PROBLEM TO WORK ON = An exact restatement of all the data is required, with the pictures left out.

═══ DATASET ═══

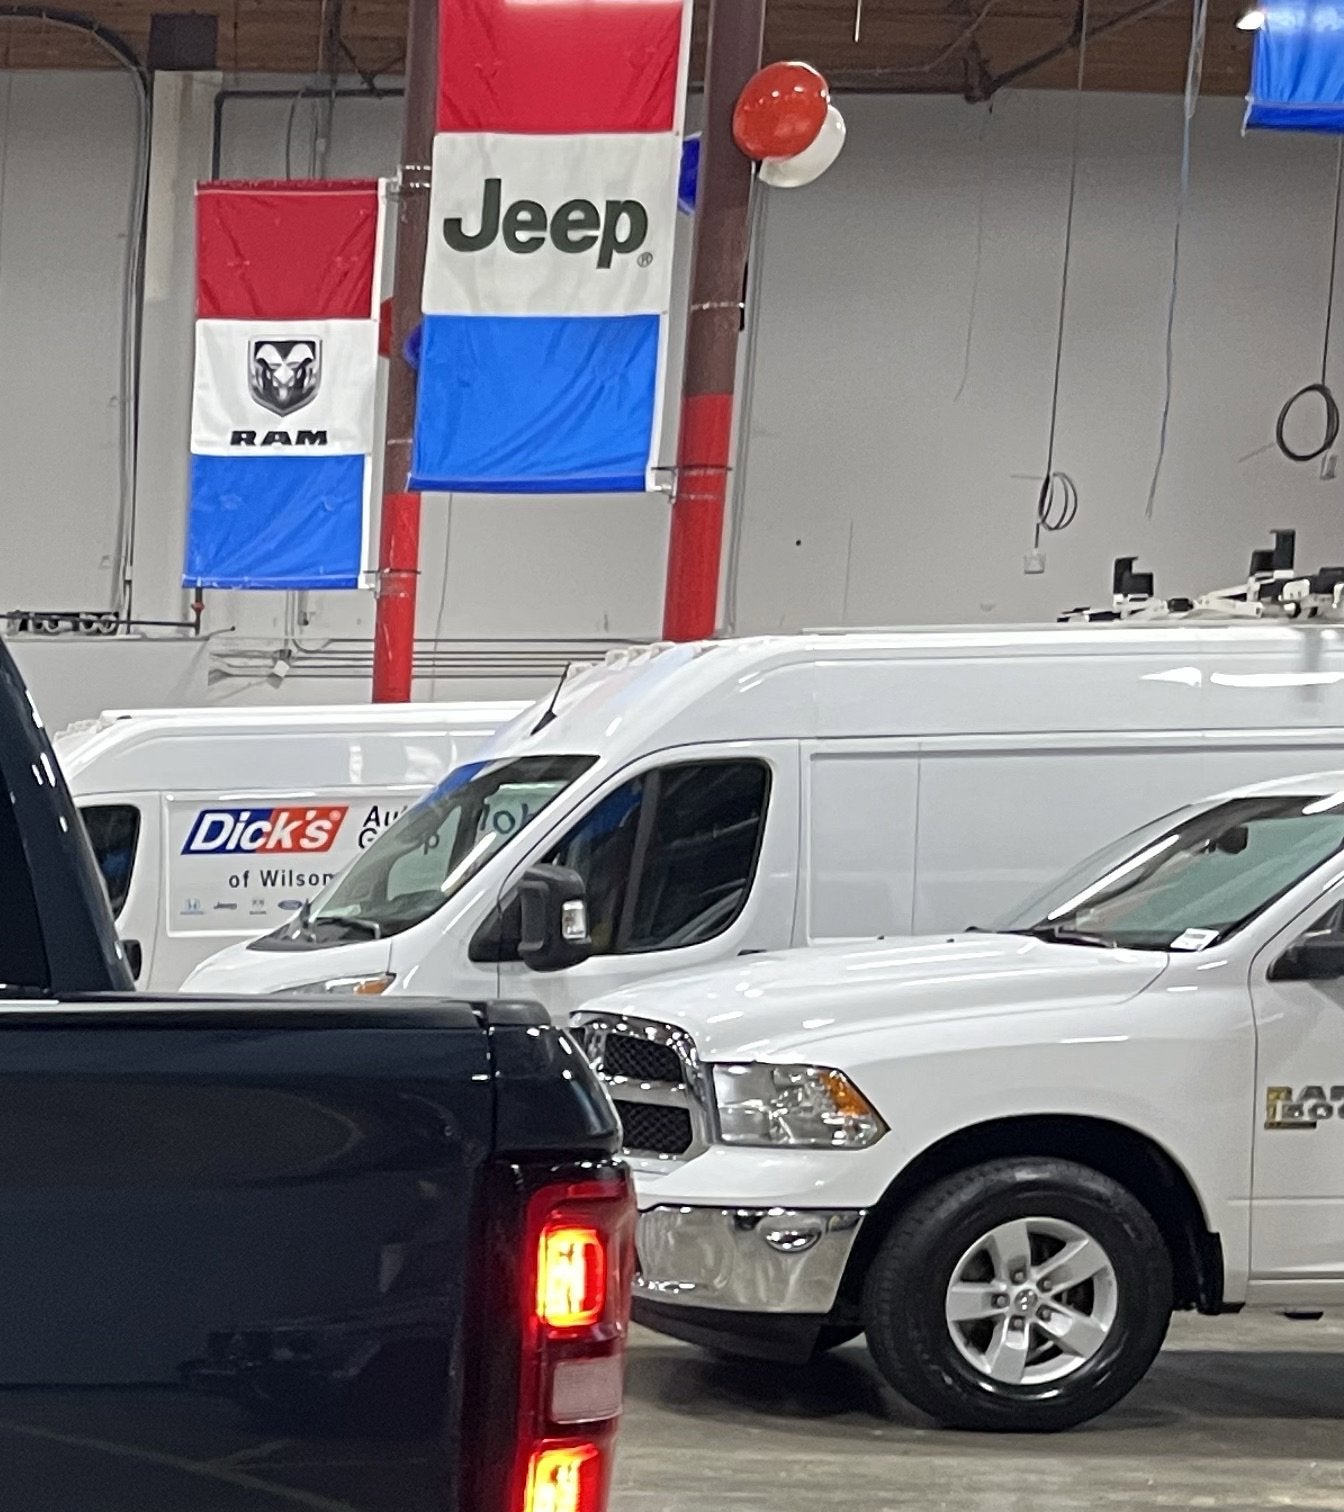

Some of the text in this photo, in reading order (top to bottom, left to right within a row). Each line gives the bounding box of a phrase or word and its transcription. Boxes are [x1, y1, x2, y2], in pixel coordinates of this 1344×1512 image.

[443, 178, 648, 269] Jeep
[230, 430, 328, 446] RAM
[190, 809, 333, 851] Dick's
[228, 868, 334, 888] of Wilson

═══

ANSWER FOR THE TASK =
Some of the text in this photo, in reading order (top to bottom, left to right within a row). Each line gives the bounding box of a phrase or word and its transcription. Boxes are [x1, y1, x2, y2], in pixel coordinates of this 1344×1512 image.

[443, 178, 648, 269] Jeep
[230, 430, 328, 446] RAM
[190, 809, 333, 851] Dick's
[228, 868, 334, 888] of Wilson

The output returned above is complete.